Le Xinjiang des années 1930 : Ella Maillart et Peter Fleming

Il faut relire les récits de voyage d’Ella Maillart et de Peter Fleming. Ils ont traversé ensemble la Chine en 1935 pour aller voir « ce qui se passait » dans le Xinjiang, sur quoi couraient toutes sortes de rumeurs. Un Anglais et une Helvète, bel attelage pour traverser les déserts et essayer d’approcher les seigneurs de la guerre turcophones.

Les deux livres sont disponibles en français sous les titres de Courrier de Tartarie pour Peter Fleming, et d’Oasis interdite pour Ella Maillart.

Oasis interdites d’Ella Maillart

Ce que je voudrais mettre en lumière aujourd’hui, c’est le chapitre qu’ils consacrent tous deux à la situation géopolitique de la région. Prenons-en de la graine, nous qui prétendons écrire de la littérature du voyage. Qui fait encore l’effort de comprendre, de chercher, de mettre en ordre, de mettre en perspective ? Chacun à sa manière, ils rappellent l’histoire ancienne et la présence de la Chine dans cette région depuis plus de deux mille ans. Ils rappellent rapidement les invasions, les révoltes, les empires, les républiques auto-proclamées, les intérêts des grandes puissances entourant la région.

Cela me paraît à des années lumière de ce que nous lisons depuis, dans les récits de voyage et dans les reportages de journalistes. Aujourd’hui, la tendance est à la simplification pour raison humanitaire. On veut défendre les droits des Ouïghours, et on décrit une situation claire comme de l’eau de roche, comme sur le blog de Sylvie Lasserre, consacré à l’Asie centrale :

« Depuis 1949, date de l’occupation de leurs terres par la Chine communiste, les Ouïgours assistent impuissants à la colonisation han. »

 L’image est simple et fausse : autrefois les turcophones vivaient libres sur « leurs terres », et soudain, en 1949, la vermine communiste est venue envahir tout cela.

Tous les récits de voyage dans la région que j’ai lus vont dans ce sens. Ce n’est pas la dénonciation de la politique de Pékin qui me choque, mais l’alliance étrange qui y est déployée entre l’absence de toute description historique et le rejet pur et simple des Chinois, comme s’ils étaient définitivement des étrangers.
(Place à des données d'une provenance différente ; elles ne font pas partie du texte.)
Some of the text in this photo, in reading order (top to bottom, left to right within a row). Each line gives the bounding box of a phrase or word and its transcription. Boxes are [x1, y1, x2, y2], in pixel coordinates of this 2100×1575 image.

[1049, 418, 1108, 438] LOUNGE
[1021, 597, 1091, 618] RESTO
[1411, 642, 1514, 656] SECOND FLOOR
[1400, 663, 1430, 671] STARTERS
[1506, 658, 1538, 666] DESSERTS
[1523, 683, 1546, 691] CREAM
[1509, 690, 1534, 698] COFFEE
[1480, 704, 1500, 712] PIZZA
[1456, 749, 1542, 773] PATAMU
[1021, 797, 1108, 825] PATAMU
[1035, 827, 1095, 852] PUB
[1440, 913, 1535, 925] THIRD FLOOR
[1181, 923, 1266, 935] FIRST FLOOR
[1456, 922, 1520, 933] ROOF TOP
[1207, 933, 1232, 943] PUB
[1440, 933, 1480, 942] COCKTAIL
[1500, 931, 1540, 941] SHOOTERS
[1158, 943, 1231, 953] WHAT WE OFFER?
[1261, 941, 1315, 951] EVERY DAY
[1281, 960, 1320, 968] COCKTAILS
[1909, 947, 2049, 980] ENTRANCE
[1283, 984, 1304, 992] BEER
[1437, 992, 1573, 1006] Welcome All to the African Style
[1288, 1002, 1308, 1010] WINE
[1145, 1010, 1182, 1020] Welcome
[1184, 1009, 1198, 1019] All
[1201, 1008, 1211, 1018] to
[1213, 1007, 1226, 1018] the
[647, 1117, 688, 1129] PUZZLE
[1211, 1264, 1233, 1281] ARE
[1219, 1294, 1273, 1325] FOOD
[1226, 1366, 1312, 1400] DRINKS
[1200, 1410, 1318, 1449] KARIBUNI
Ella Maillart et Peter Fleming, quand ils parlent de la Chine, ne voient pas d’horribles colons. Et quand ils appréhendent le Xinjiang, ils voient une terre stratégique qui attire l’attention des grandes puissances que sont la Chine, l’Angleterre, l’URSS et même le Japon. Ils voient aussi des chefs de guerre Ouïghours ou Hui, dont les armées et les révoltes sont aussi romanesques que dangereuses. On est loin des images d’Epinal.

Il faut relire Maillart et Fleming pour nous nettoyer l’esprit de l’atmosphère humanitaire et larmoyante qui envahit l’écriture du voyage et du reportage.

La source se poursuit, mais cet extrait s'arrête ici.